После этих представлений в узком кругу я снова впадаю в апатию или начинаю
нервничать: руки у меня то слишком горячие, то слишком холодные, глаза
блестят или становятся тусклыми, всё меня раздражает. Не то чтобы моё лицо
злобной кошки кажется мне уродливым под этой шапкой курчавых волос.
Совсем нет. Чего же мне всё-таки недостаёт, чего не хватает... Я ещё успею
об этом узнать. К тому же тогда я наверняка почувствовала бы себя
униженной...
До сих пор следствием всего этого была неожиданная страсть Клодины к
Франсису Жамму, поскольку этот нелепый поэт понимает деревню, зверей,
старомодные сады и неизбывную важность глупых мелочей в жизни.
Сегодня утром кузен Дядюшка навещал папу, который вначале был в ярости, что
его отвлекли от работы, но сразу же смягчился, поскольку этот Рено наделён
особым даром нравиться и умеет обезоружить любого человека. При дневном
свете седых волос у него видно больше, но лицо кажется моложе, чего я
поначалу не заметила, а глаза какого-то необычного чёрно-серого цвета. Он
втянул папу в разговор о моллюсках, а тут мой достойный отец совершенно
неиссякаем. Испуганная этим мощным потоком слов, я преградила его запрудой.
— Папа, я хочу показать дяде Фаншетту.
И я увожу Дядюшку в свою комнату, я восхищаюсь тем, что он сумел оценить мою
кровать-лодочку и старенькие занавески из набивного кретона, и мой дорогой
противный письменный стол. Он довольно ловко похлопывает по чувствительному
животу Фаншетты, почёсывает его и весьма изобретательно болтает с ней на
кошачьем языке. Что бы там ни говорил Марсель, дядя очень славный!

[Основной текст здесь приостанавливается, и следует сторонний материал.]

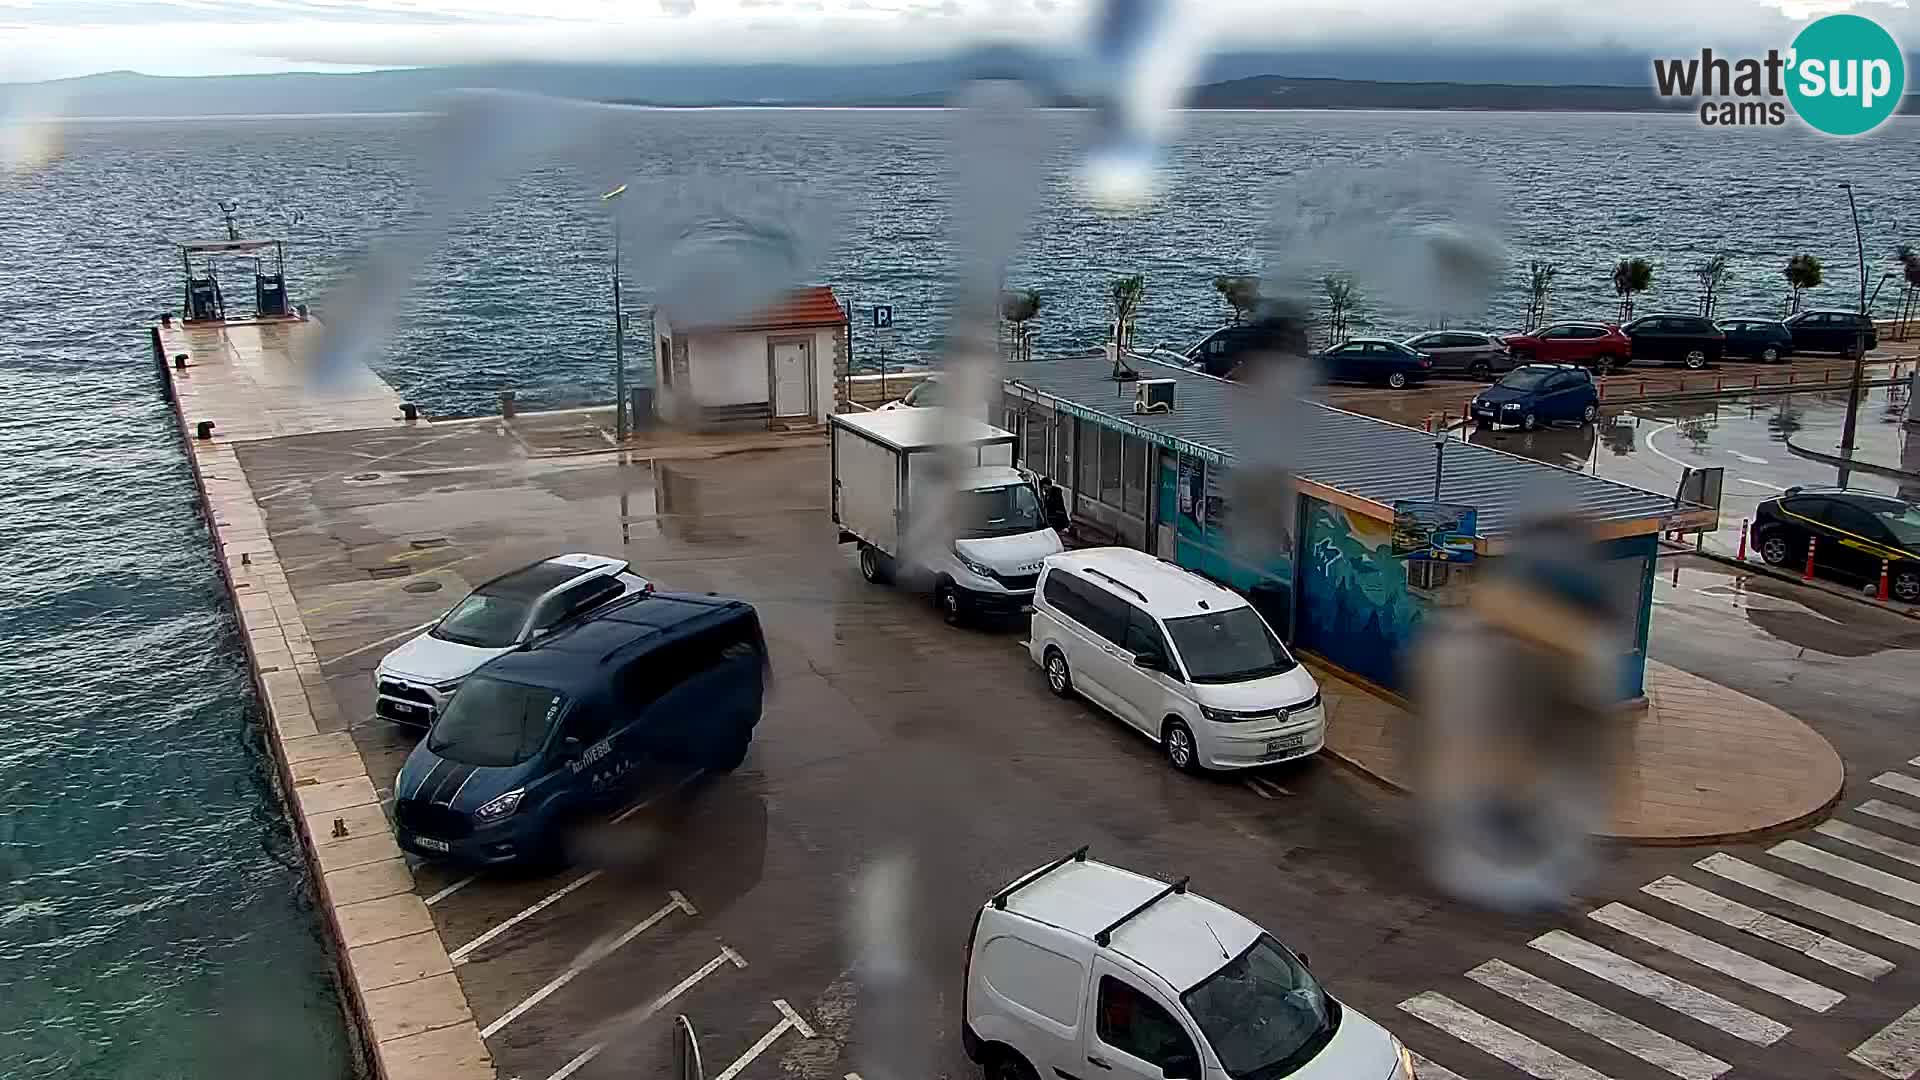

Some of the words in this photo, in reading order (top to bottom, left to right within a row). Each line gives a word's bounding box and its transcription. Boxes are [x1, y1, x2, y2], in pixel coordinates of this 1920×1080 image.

[878, 308, 888, 325] P
[1174, 440, 1189, 454] BUS
[1189, 444, 1219, 465] STATION
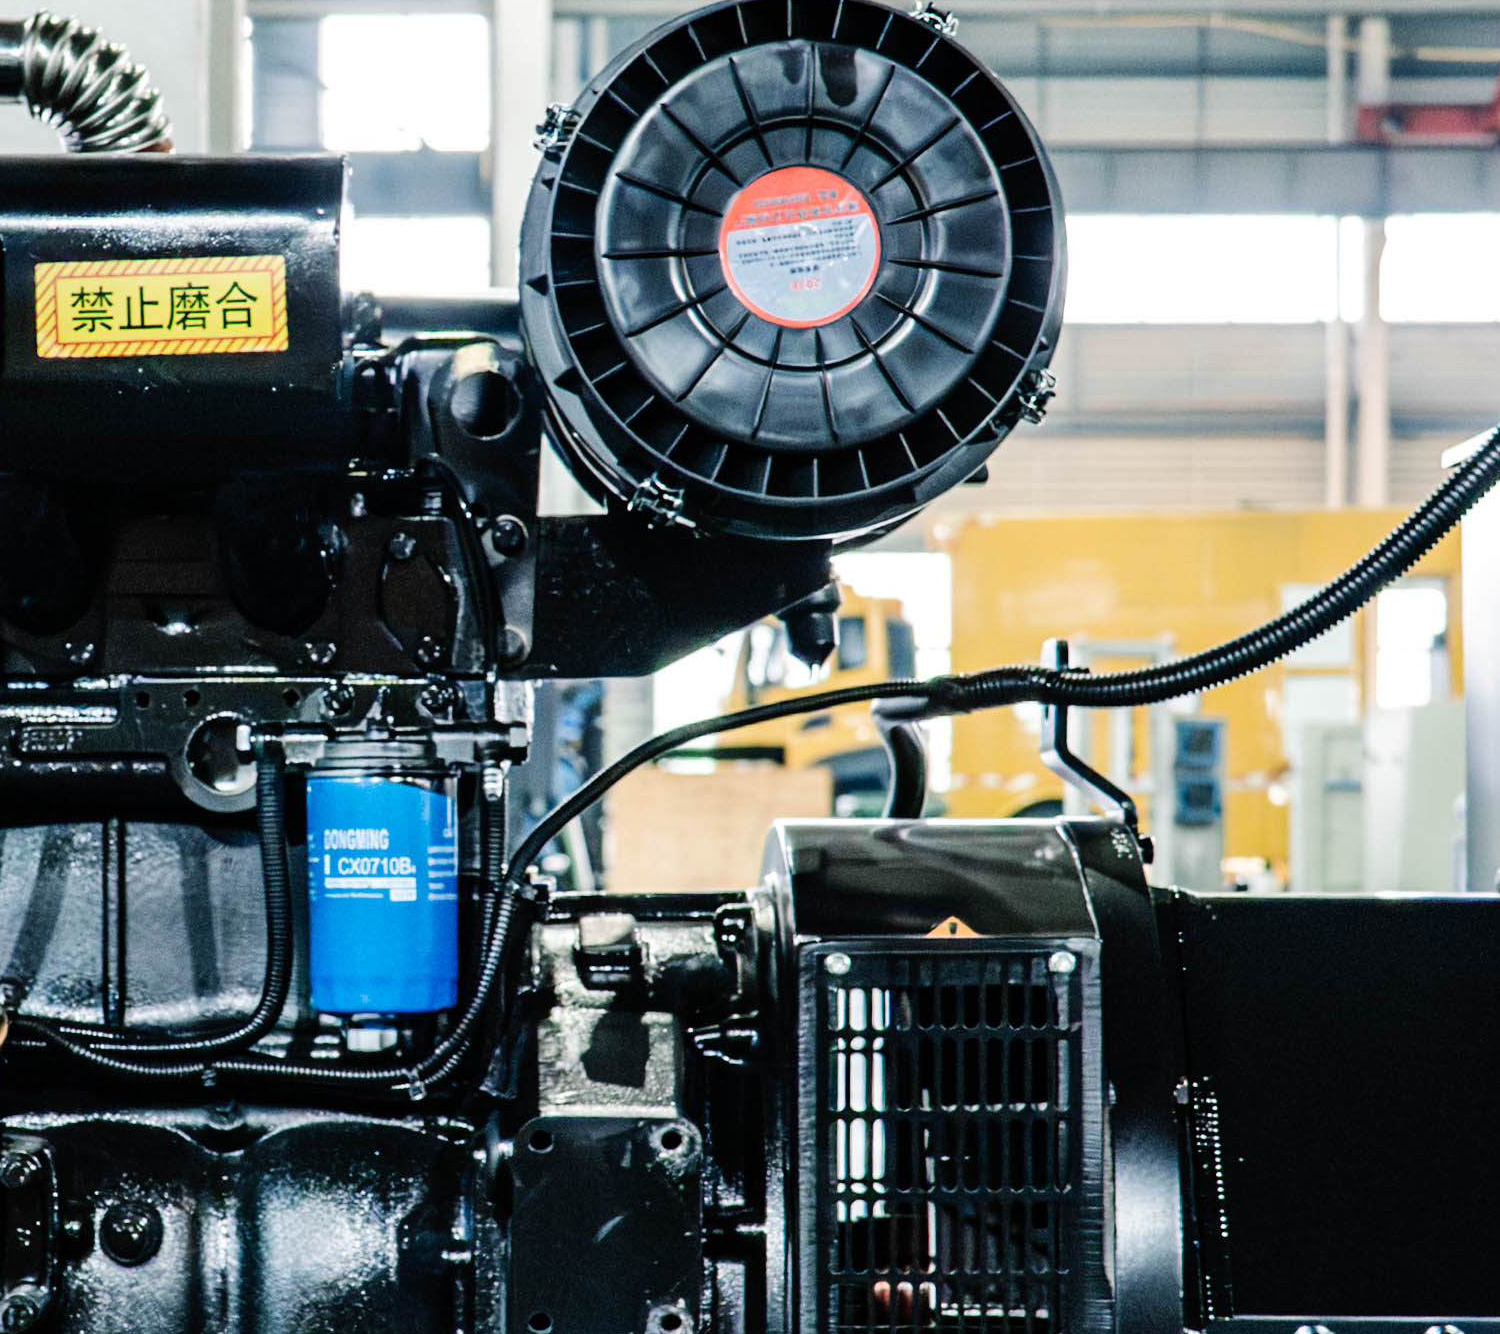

— Моё дорогое дитя, белая кошка и кресло-лягушка — животные совершенно
необходимые в комнате девушки. Недостаёт только чувствительного романа... а,
нет, вот и он. Чёрт побери, это
Андре Туретт
... Довольно странный выбор!
— О, вы увидите у меня и другие книги! Надо вам привыкнуть к тому, что
я читаю всё.
— Всё. Этого мало! Не пытайтесь меня удивить, я нахожу это просто
смешным.
— Смешным!.. — Я задохнулась от возмущения. — Я достаточно
взрослая, чтобы читать всё что мне заблагорассудится!
— Та-та-та! Конечно, ваш отец, человек, впрочем, совершенно
очаровательный, довольно необычный отец, но... вот что, вот что: существует
счастье неведения, и вы об этом потом можете ещё пожалеть. Дружок
мой, — добавляет он, видя, что я готова расплакаться, — я вовсе не
хочу огорчать вас. Что это вдруг на меня нашло, пустился читать нравоучения.
Большим дядюшкой и быть нельзя. Но при этом вы самая очаровательная и милая
племянница на свете, если оставить в стороне вашу библиоманию. Протяните-ка
в знак мира мне руку.
Я протягиваю ему руку. Но мне вдруг становится грустно. А ведь я так
стремилась видеть в нём человека самого милого и славного!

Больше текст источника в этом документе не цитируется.